In Berlin gab es seit 2001 eine militante Untergrundorganisation, die durch revolutionären Tatendrang zu Brand- und Bombenanschlägen auf Ämter, Unternehmen, Fahrzeuge und Wohnungen getrieben wurde. Durch glückliche Umstände kam dabei bisher kein Mensch dauerhaft zu Schaden. Die Vokabeln der verwirrten und verwirrenden mg-Ideologie verstehen andere Bloggerinnen und Blogger sicher besser als ich. In dem Wikipedia-Artikel wird aus einem »Bekennerschreiben« zitiert:
Wir halten es für eine politisch hilflose Geste auf vermeintliche ‘Verstöße’ gegen einzelne ‘bürgerliche Rechtsgrundsätze’ aufmerksam machen zu wollen, ohne den systemimmanenten Charakter der Klassenjustiz aufzuzeigen bzw. diesen zu vernachlässigen
Das schreiben Leute, die mit Bomben und Feuer gegen unser Eigentum und gegen den Rechtsstaat vorgehen. Aber was sind schon bürgerliche Rechtsgrundsätze gegen den revolutionären Drang, endlich wieder den Kommunismus auf deutschem Boden einzuführen? Inzwischen dürften sie wohl recht froh darüber sein, dass sie in diesem verachteten Rechtsstaat und nicht in einer totalitaristischen Diktatur leben.
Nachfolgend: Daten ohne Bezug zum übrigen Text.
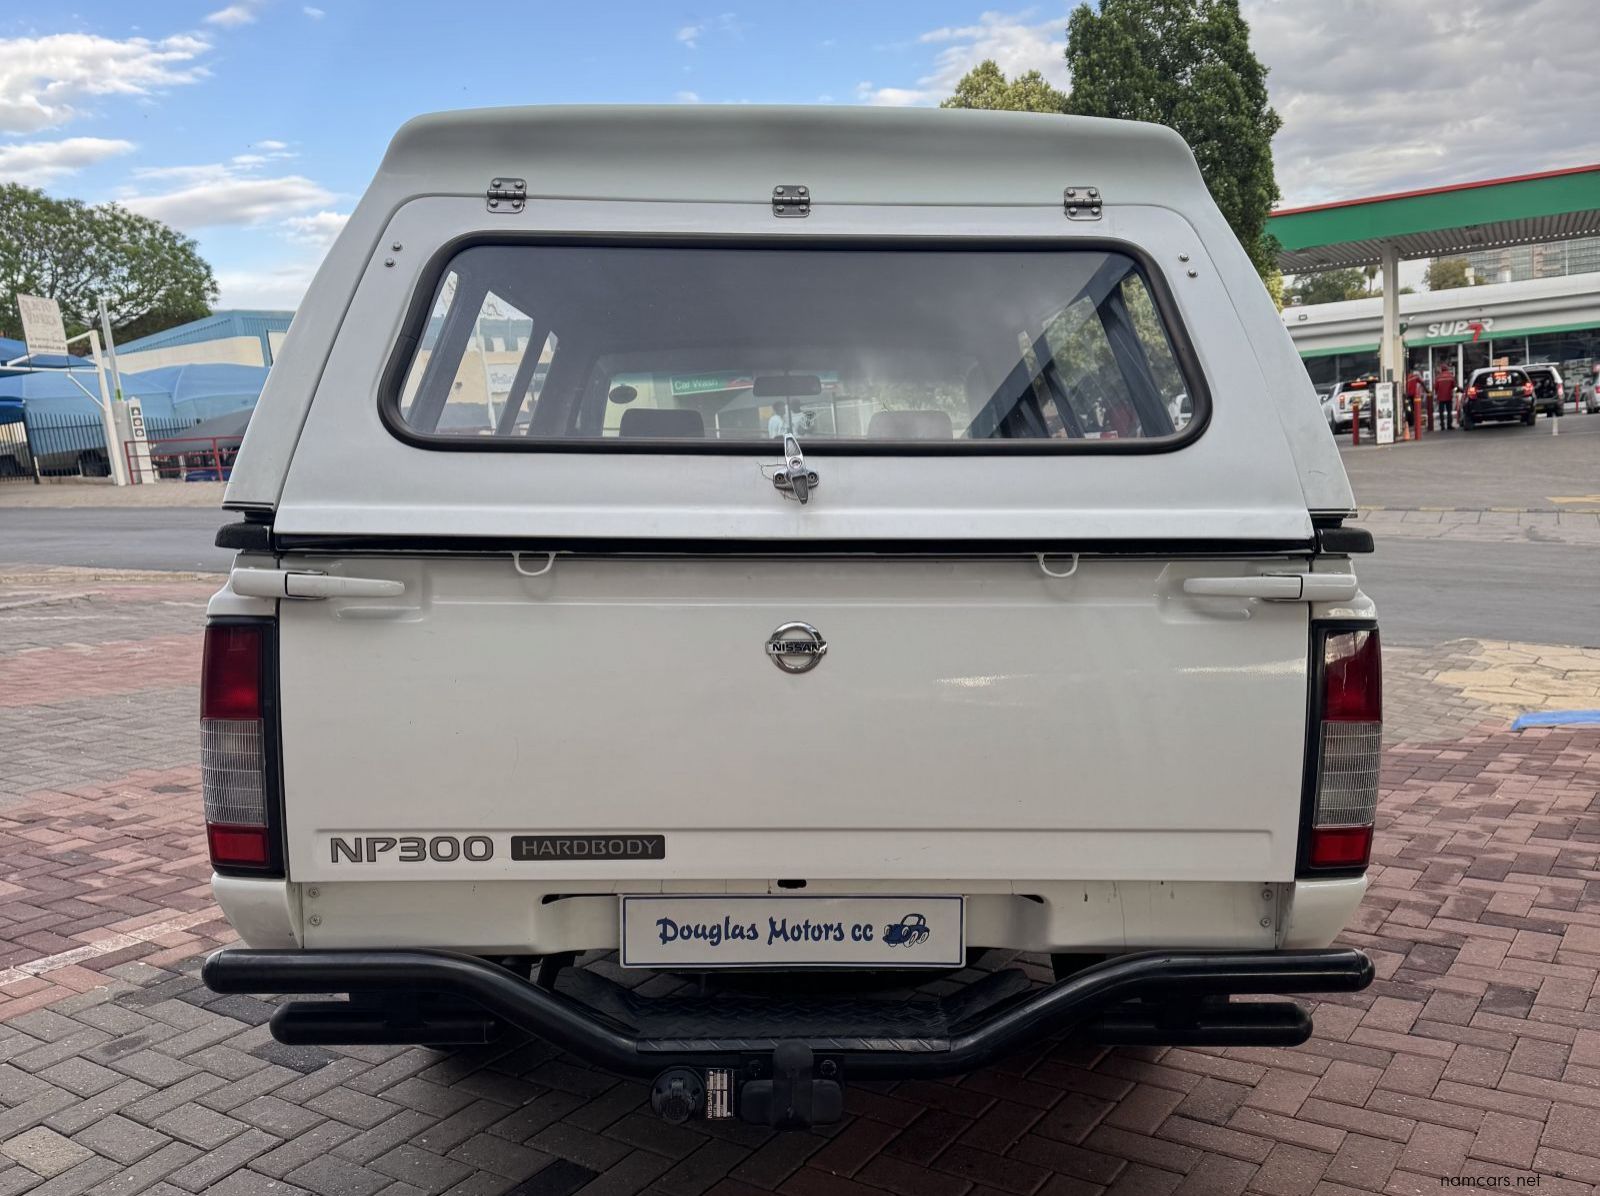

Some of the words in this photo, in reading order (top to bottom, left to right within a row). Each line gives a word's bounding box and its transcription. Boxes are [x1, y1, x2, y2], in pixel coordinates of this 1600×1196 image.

[674, 380, 690, 390] Car
[772, 642, 820, 652] NISSAN
[330, 836, 493, 863] NP300
[521, 838, 657, 856] HARDBODY
[656, 915, 759, 946] Douglas
[767, 916, 845, 946] Motors
[851, 923, 873, 942] cc
Einige Leser werden sich vielleicht daran erinnern, dass im Zuge der Ermittlungen gegen die linksextremistische mg auch der Berliner Wissenschaftler Andrej Holm verhaftet wurde. Er hatte Kontakt zu einem der Hauptverdächtigen und er könnte die Gruppe durch sozialkritische Veröffentlichungen beeinflusst haben. Andrej Holm wurde zunächst gemeinsam mit den drei Hauptverdächtigen verhaftet. Der Bundesgerichtshof hat die Bundesanwaltschaft aber später unter Hinweis auf rechtsstaatliche Grundsätze deutlich zurückgepfiffen. Das begrüße ich grundsätzlich, auch wenn ich die Ideologie der Militanten als verwirrt und verwirrend betrachte.
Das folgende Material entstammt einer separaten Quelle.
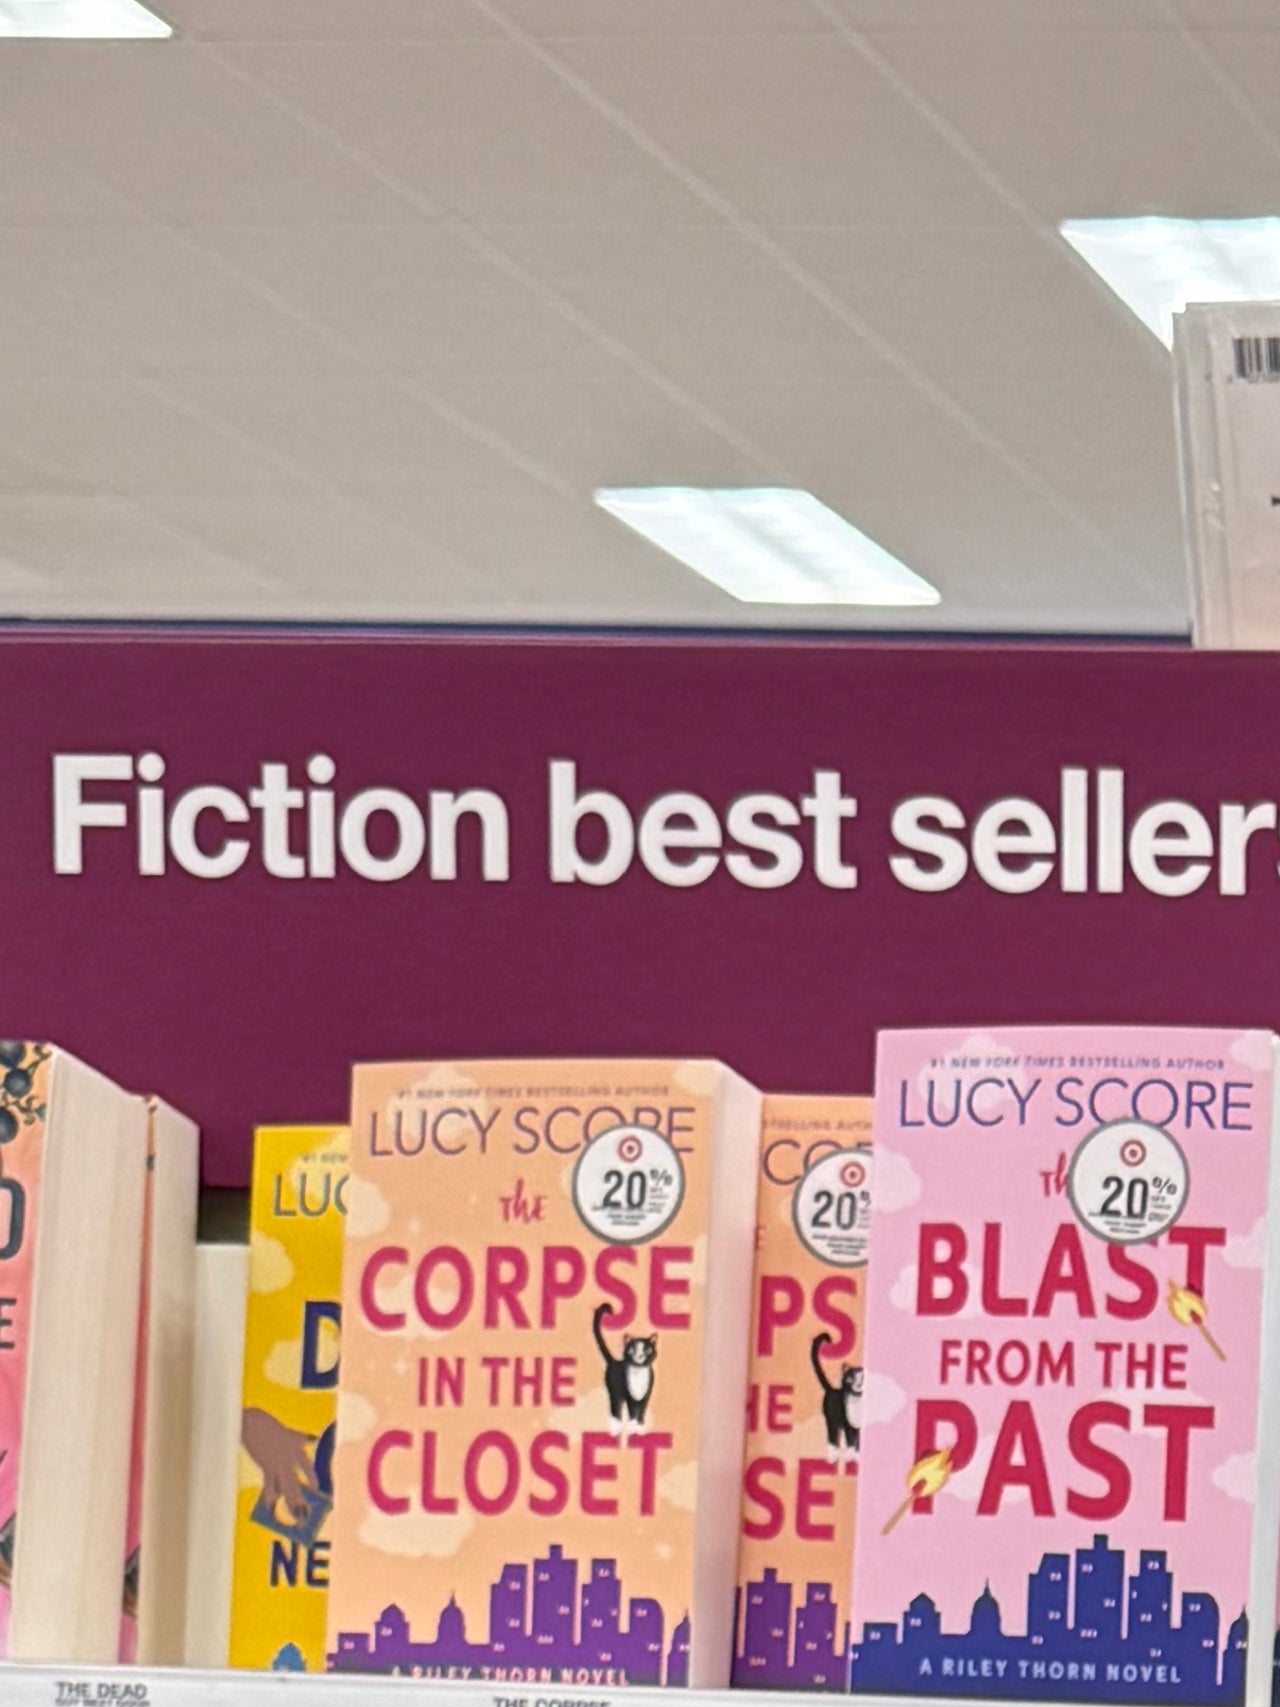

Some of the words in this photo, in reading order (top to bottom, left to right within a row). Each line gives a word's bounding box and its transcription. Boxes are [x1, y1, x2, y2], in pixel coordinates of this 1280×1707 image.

[52, 752, 509, 880] Fiction
[549, 760, 856, 888] best
[900, 1077, 1040, 1127] LUCY
[1056, 1079, 1253, 1130] SCORE
[370, 1108, 500, 1156] LUCY
[359, 1246, 695, 1331] CORPSE
[916, 1222, 1226, 1320] BLAST
[418, 1357, 464, 1406] IN
[483, 1357, 577, 1407] THE
[940, 1340, 1074, 1386] FROM
[1095, 1344, 1187, 1387] THE
[367, 1431, 672, 1516] CLOSET
[910, 1400, 1215, 1522] PAST
[56, 1682, 92, 1700] THE
[98, 1683, 146, 1700] DEAD
[920, 1659, 931, 1675] A
[941, 1659, 1006, 1677] RILEY
[1020, 1660, 1096, 1680] THORN
[1107, 1664, 1181, 1683] NOVEL
In der Zeitschrift Freitag strickt der Wissenschaftler nun an einer hübschen Legende:
Am vergangenen Freitag ist zum zweiten Mal ein Rechner von mir kollabiert. Ich bin kein Computerexperte, aber die Fachmenschen sprechen von einem Hardwarefehler. Das wäre an sich nicht weiter tragisch oder bemerkenswert, die Daten waren ordentlich gesichert, und auch technische Geräte geben ja ab und an ihren Geist auf. So ein Computer kann schon mal kaputt gehen. Doch an Zufälle glaube ich in den letzten Wochen nur noch selten – beide Rechner waren mit Asservatennummern versehen und wurden Ende Juli bei meiner Festnahme im Rahmen von Antiterrorermittlungen beschlagnahmt.
Abgesehen davon, dass der Begriff »kollabiert« in Bezug auf einen Computer vollkommener Blödsinn ist: wenn der Rechner nicht zunächst intakt aus der Asservatenkammer zurückgekommen wäre, hätte er sich sicher anders ausgedrückt. Ein Rechner »kollabiert« ja nicht als Ganzes. In der Regel ist ein Bauteil defekt und kann für relativ wenig Geld ausgetauscht werden. Der Autor lässt aber bewusst offen, um welches Bauteil es sich gehandelt hat. Kurz: es ist theoretisch möglich, dass Reparaturen oder Eingriffe zu solchen »Spätfolgen« führen, aber es ist recht unwahrscheinlich.
Ein Blog weiter ist der Computer nicht nur kollabiert. Er kam gleich als Schrott zurück zum Besitzer:
Oops, ich habe vergessen, auf Andrej Holms Artikel “Im Kreis” zu linken, wo er u.a. beschreibt, wie das BKA seine beschlagnahmten Rechner nur noch als Elektroschrott zurück gegeben hat, und ein paar Details aus den Ermittlungsakten schildert.
So bildet man Legenden. Warten wir also ab, bis es in einem weiteren Bekennerschreiben heißt: Der systemimmanente Charakter des Schweinesystems der Klassenjustiz hat sich auch darin gezeigt, dass im Zuge der Ermittlungen die komplette Rechentechnik der revolutionären mg vernichtet wurde ….
All das sollte uns aber nicht davon abhalten, auf ein rechtsstaatliches Verfahren zu achten. Denn auch wenn sie den Rechtsstaat verachten und lieber heute als morgen abschaffen würden: sie haben trotzdem einen Anspruch darauf.